About half of patients receiving donor stem cells develop graft-versus-host disease, which can linger for months or years after their transplants. In some cases, patients die not from their cancer but from the complication itself. Current treatments are not effective.
Graft-vs-host disease
In past work, this research team defined the role of molecules called JAK1/2 kinases and their signaling pathways in immune cell activation and graft-vs-host disease. In the new study, published in the journal Leukemia, these same researchers evaluated ruxolitinib and baricitinib, and found baricitinib to be the superior of the two drugs in reducing and preventing graft-versus-host-disease in mice. Both drugs belong to a class of pharmaceuticals called JAK inhibitors that are known for dialing down inflammation.
The drug appears to stop graft-versus-host disease by simply keeping the donor T cells circulating in the bloodstream, away from vital organs.
“Transplanted donor stem cells—and more specifically, the T cells in the donor stem cell product—are particularly good at fighting off leukemia, but these cells can go haywire, unfortunately, and attack the patient’s healthy tissues, causing graft-versus-host disease,” says senior author John F. DiPersio, professor of medicine in oncology at the Washington University School of Medicine in St. Louis. “The typical ways we can reduce the effects of the disease also tend to weaken the T cells’ ability to attack the cancer. We’re looking for a treatment strategy that stops the disease without shutting down T cells’ assault on the cancer.”

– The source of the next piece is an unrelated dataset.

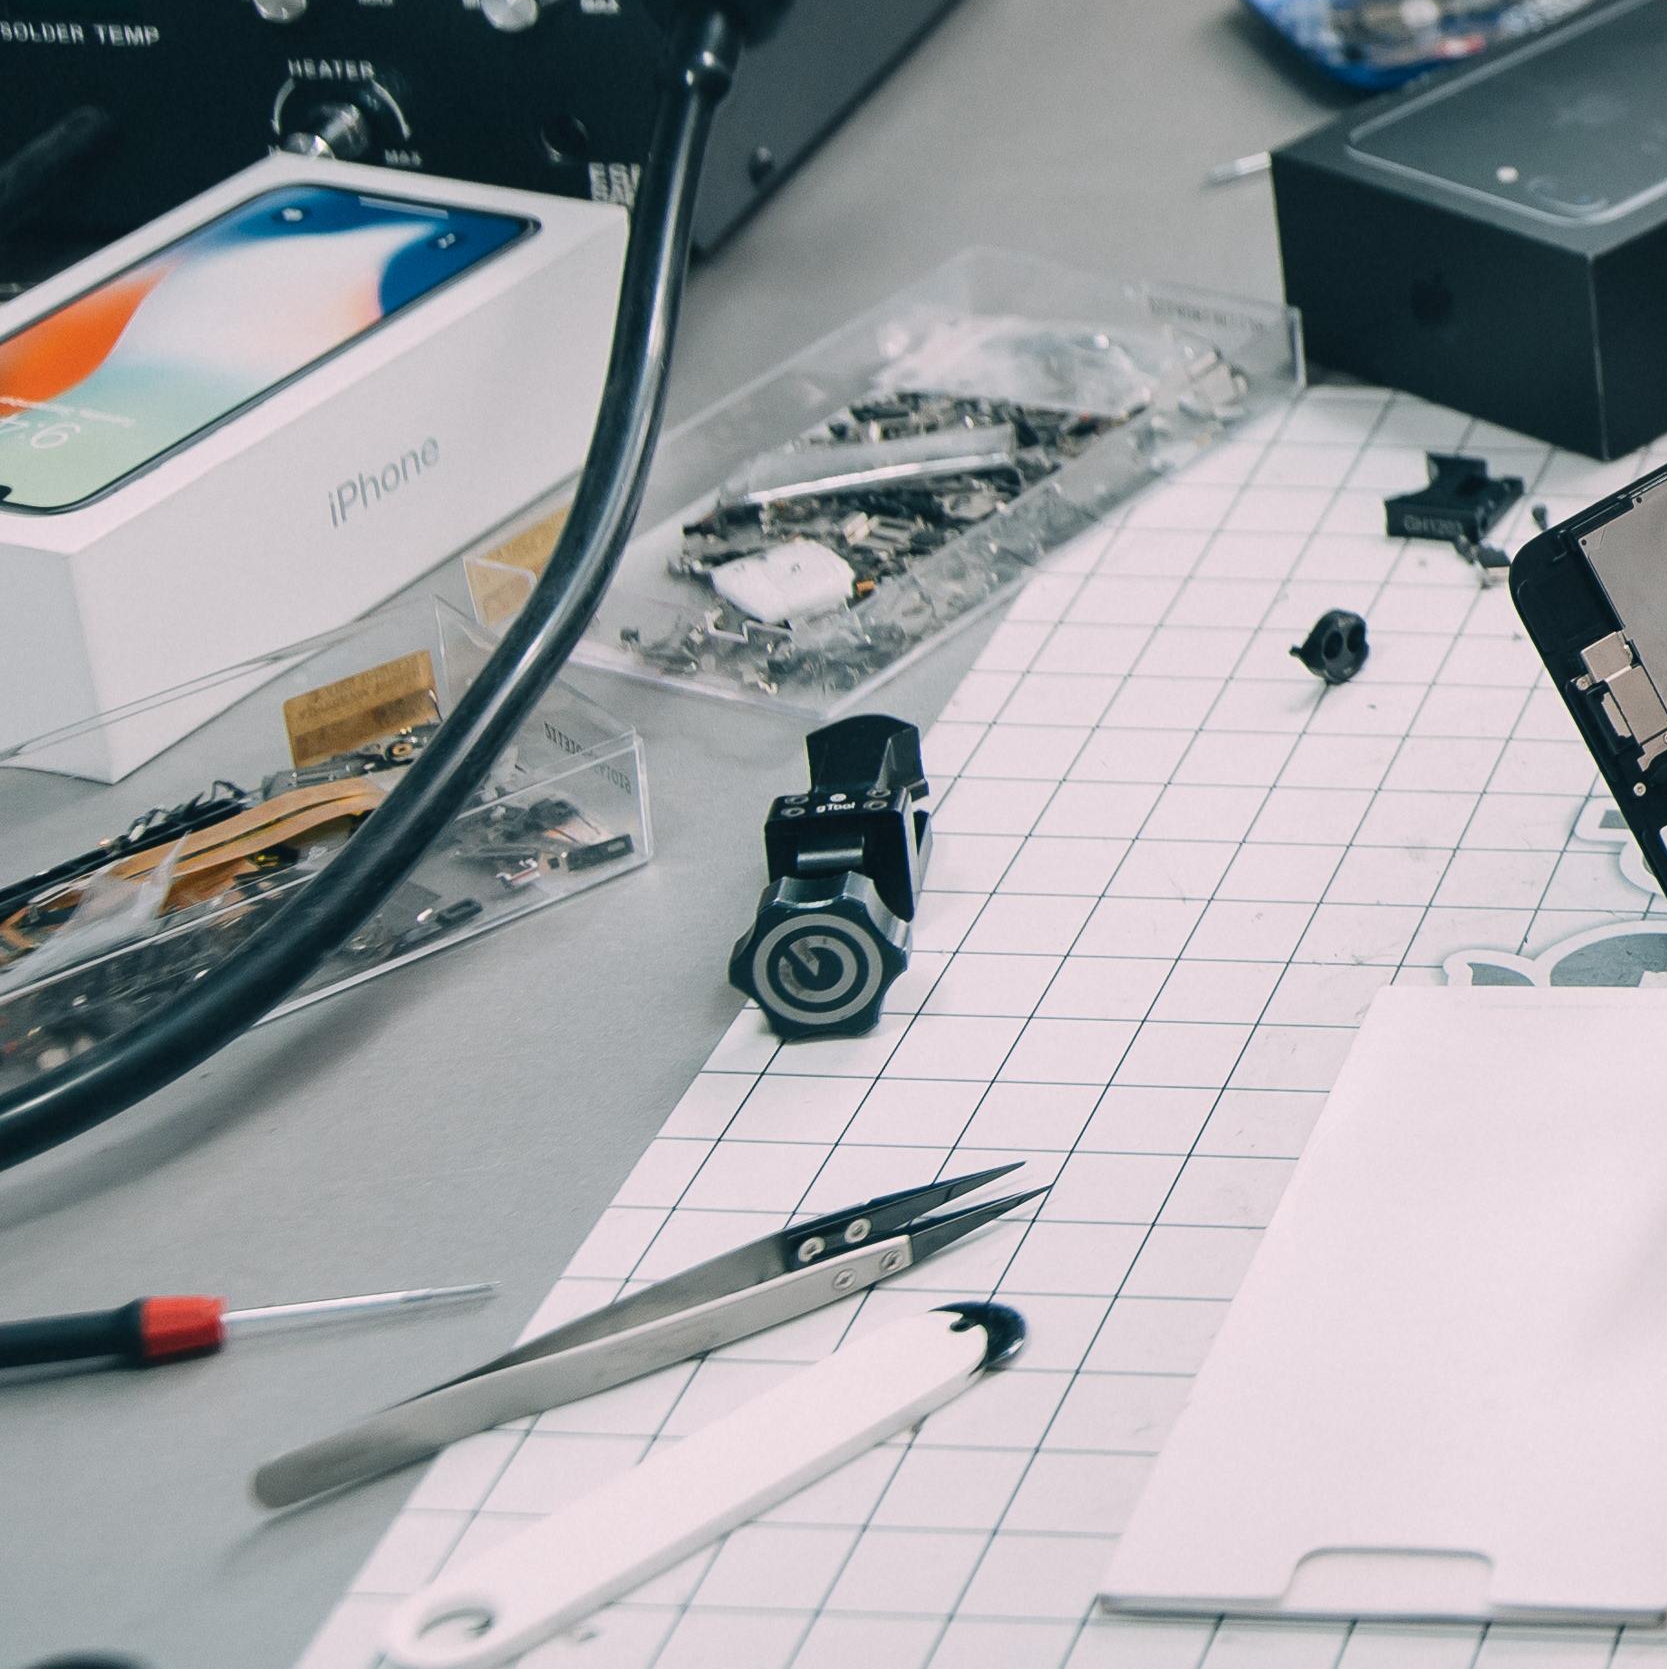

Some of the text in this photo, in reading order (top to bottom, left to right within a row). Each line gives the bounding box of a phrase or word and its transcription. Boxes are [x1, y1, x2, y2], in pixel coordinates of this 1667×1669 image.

Surprisingly, baricitinib did more than shut down graft-versus-host disease. It actually boosted the ability of the donor T cells to fight the cancer.
“We don’t know yet exactly how this happens, but we’re working to understand it,” says first author Jaebok Choi, an assistant professor of medicine. “We think at least part of the explanation is the drug strips the leukemia cells of their immune defenses, making them more vulnerable to attack by the donor T cells. At the same time, the drug also stops the donor T cells from being able to make their way to important healthy tissues, such as the skin, liver, and gastrointestinal tract, where they often do the most damage.”

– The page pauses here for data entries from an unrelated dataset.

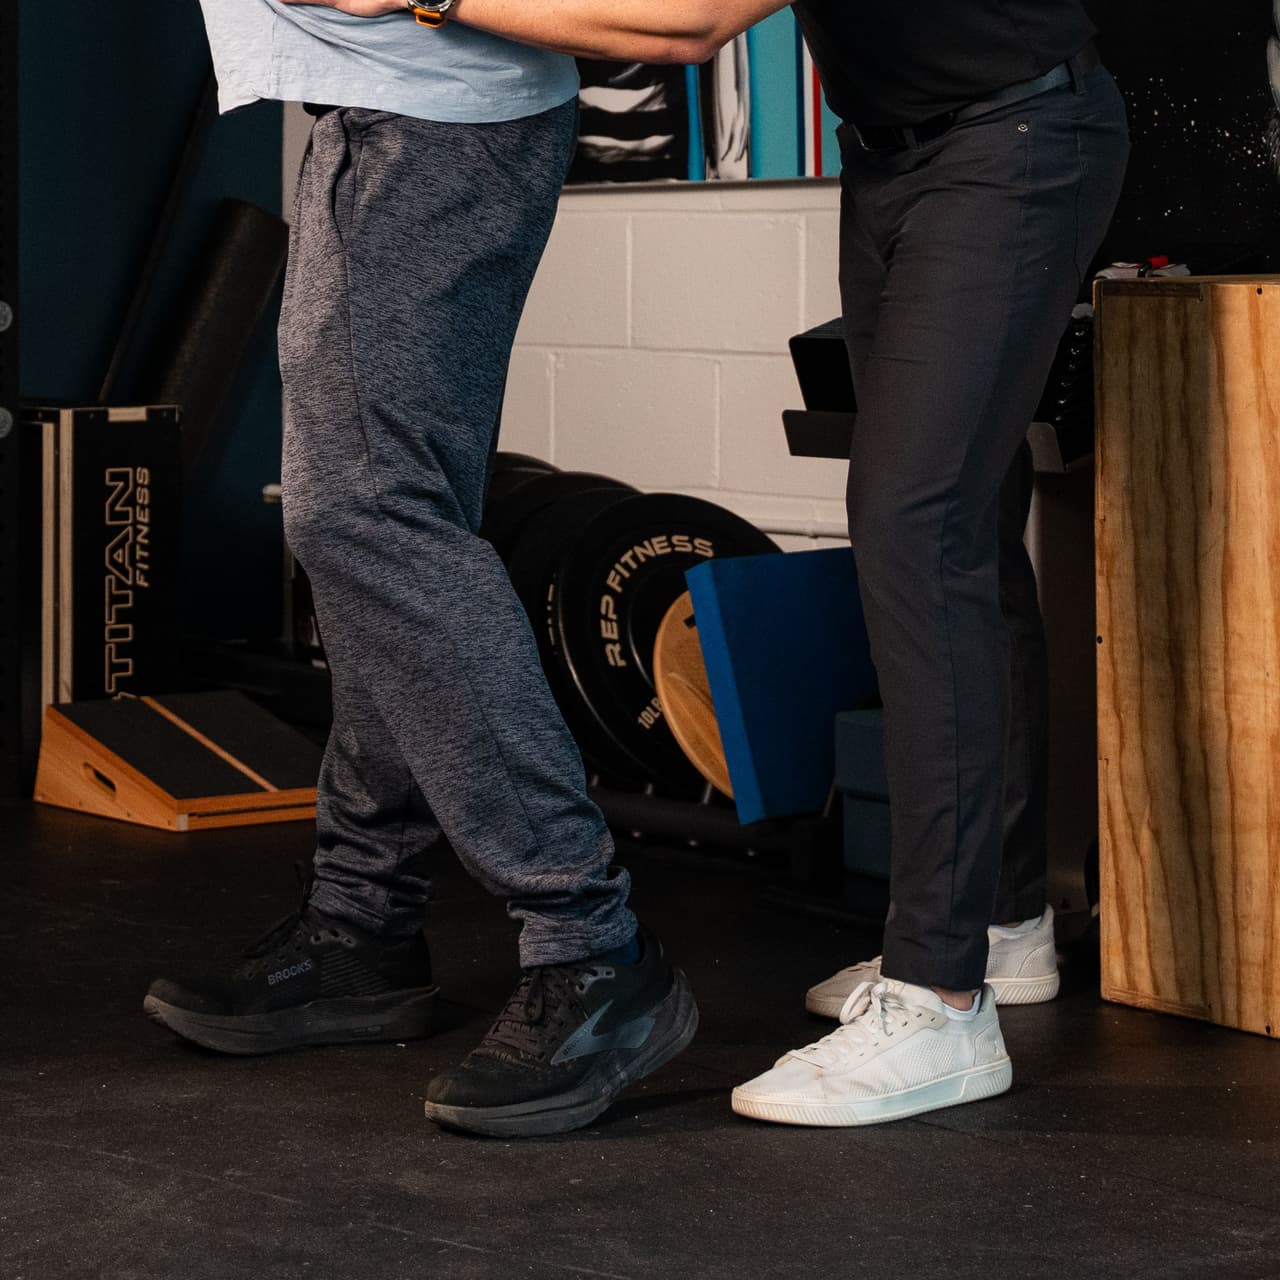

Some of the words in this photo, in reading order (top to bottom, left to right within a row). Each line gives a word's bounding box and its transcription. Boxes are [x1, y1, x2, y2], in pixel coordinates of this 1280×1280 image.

[136, 466, 151, 588] FITNESS
[606, 534, 715, 593] FITNESS
[105, 467, 134, 693] TITAN
[600, 594, 627, 667] REP
[267, 958, 312, 986] BROOKS

In other words, the drug appears to stop graft-versus-host disease by simply keeping the donor T cells circulating in the bloodstream, away from vital organs. Simultaneously, the drug makes the leukemia cells more vulnerable to immune attack from the donor T cells, which are now mostly confined to the bloodstream, where the cancer is.
The drug also appeared to boost levels of specific immune cells that put the brakes on a runaway immune response that can make graft-versus-host disease worse. These apparently independent effects are specific to baricitinib and may explain why other JAK inhibitors did not work as well, according to DiPersio, who is also deputy director of Siteman Cancer Center at Barnes-Jewish Hospital and Washington University School of Medicine.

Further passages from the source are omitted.